Competitive effect of this transaction
13. It appears from the above that no overlap exists between the activities of the merging parties. Similarly, no vertical integration concerns arise from this transaction.
Public interest considerations
14. According to the parties, no impact on employment is envisaged thereof. In addition, the trade unions at the primary target firms have given this merger a go ahead.
Conclusion
15. Based upon the above findings, we conclude that this transaction is unlikely to substantially lessen or prevent competition in any of the relevant markets, and accordingly approve it unconditionally.
______________ 04 February 2004
D. Lewis DATE
Concurring: N. Manoim, P. Maponya
For the merging parties: Mr Craig Roelofsz and P. Botha, Fluxmans Attorneys.
For the Commission: Mr Horace Shozi assisted by Ms.

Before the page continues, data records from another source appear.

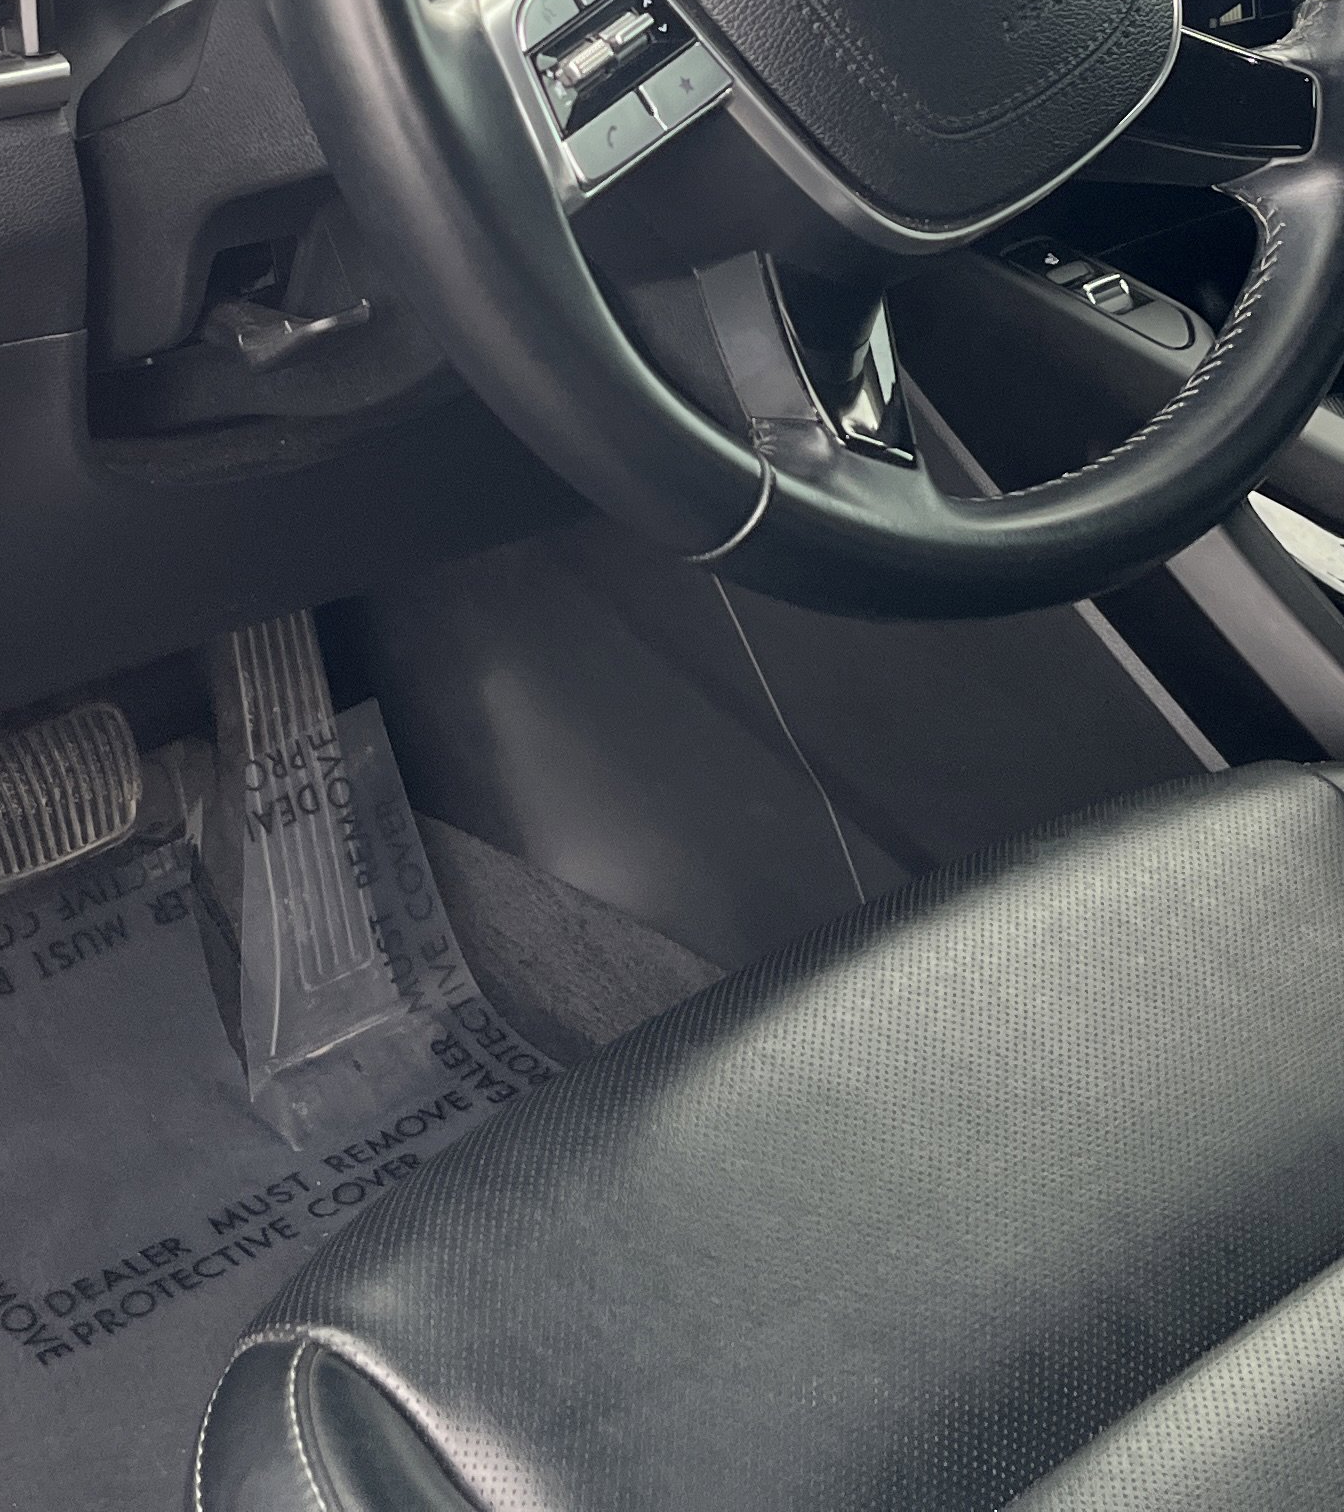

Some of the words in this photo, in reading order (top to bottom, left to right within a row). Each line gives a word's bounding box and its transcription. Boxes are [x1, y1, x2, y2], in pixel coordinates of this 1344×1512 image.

[43, 1238, 192, 1318] DEALER
[206, 1170, 310, 1236] MUST
[322, 1090, 473, 1175] REMOVE
[68, 1216, 300, 1346] PROTECTIVE
[307, 1152, 422, 1219] COVER
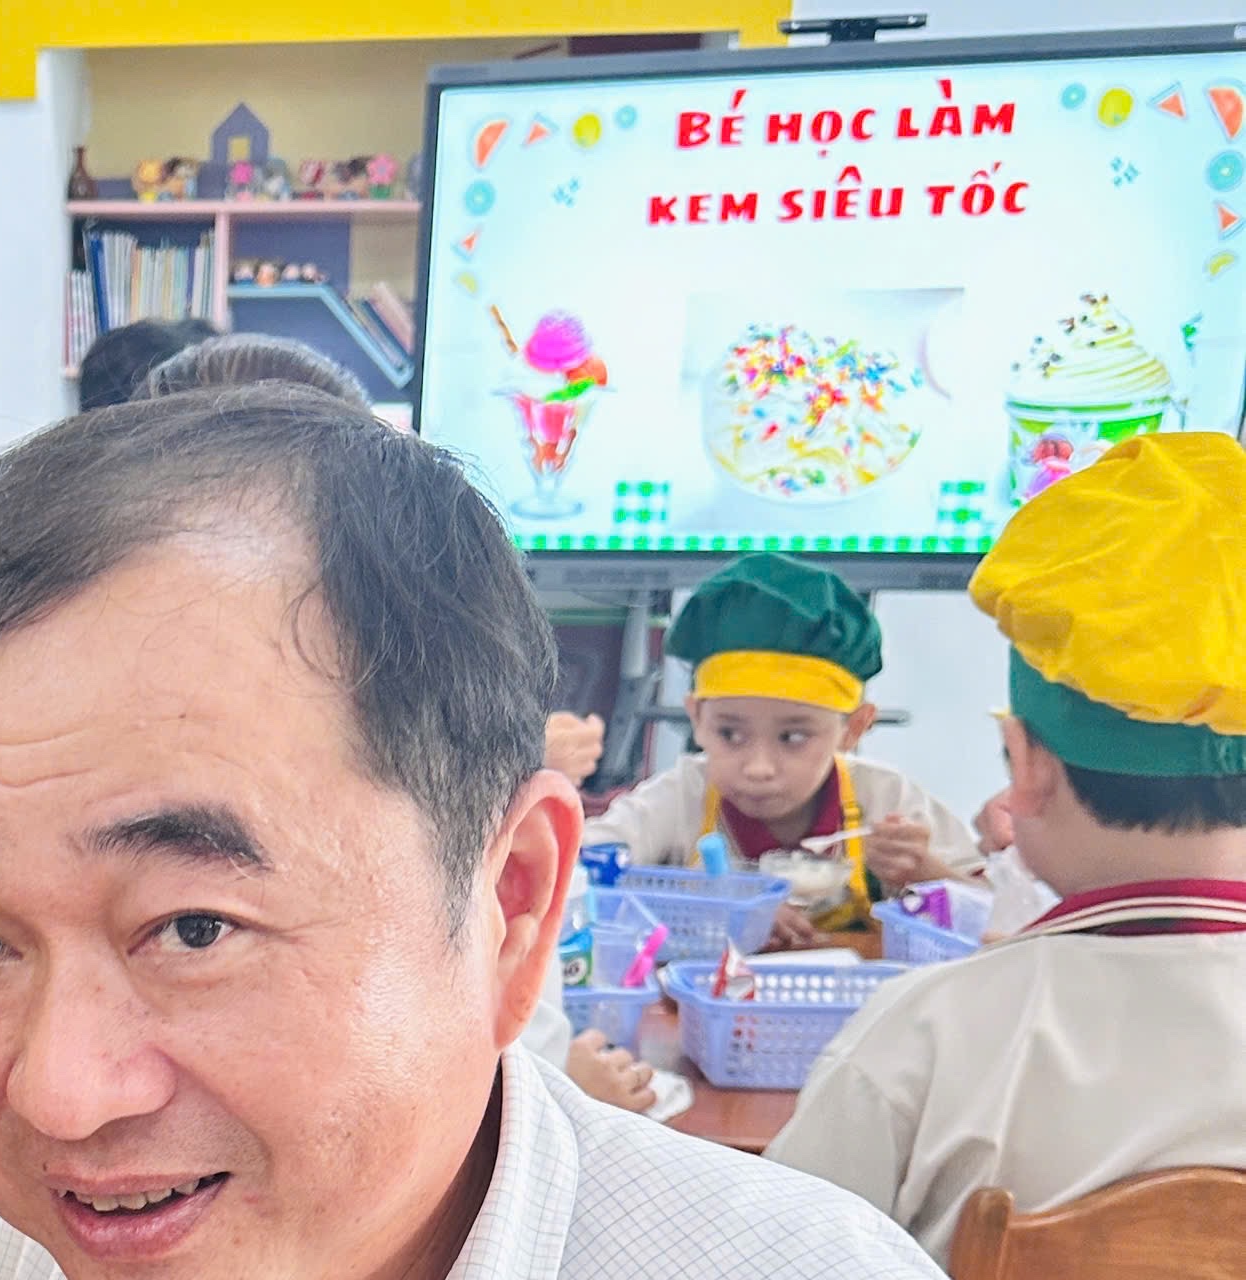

Lizel Blignaut, Competition Commission
1 Its subsidiaries comprise Cool Ideas 264 (Pty) Ltd, Cross Country Express (Pty) Ltd, Crosscape Express (Pty) Ltd, Independent Express (Pty) Ltd, Jowells Cape Transport (Pty) Ltd, Jowells Garage & Transport (Pty) Ltd, Namakwaland Lugdiens (Pty) Ltd, Skynet Worldwide Express (Pty) Ltd, and United Parcel Services (Pty) Ltd.
2 They are Stuarts Transport Botswana (Pty) Ltd, Stuarts Transport (Namibia) (Pty) Ltd, Jowells Transport (Namibia) (Pty) Ltd and Trek Transport (Pty) Ltd.
3 According to the parties, Tresso is indirectly controlled by Community Investments Holdings, which holds the entire issued share capital in Lorpez Developments (see page 303 of the record).
4 The parties state that Lorpez Developments is a wholly owned subsidiary of Community Investments Holdings (Pty) Ltd, which is a broad based black empowerment company that is wholly owned by trusts, the beneficiaries of which are previously disadvantaged individuals.
5 See page 597 of the record.
6 See page 608 of the record).
7 The parties indicated at the hearing that these four businesses would continue to be run as a group.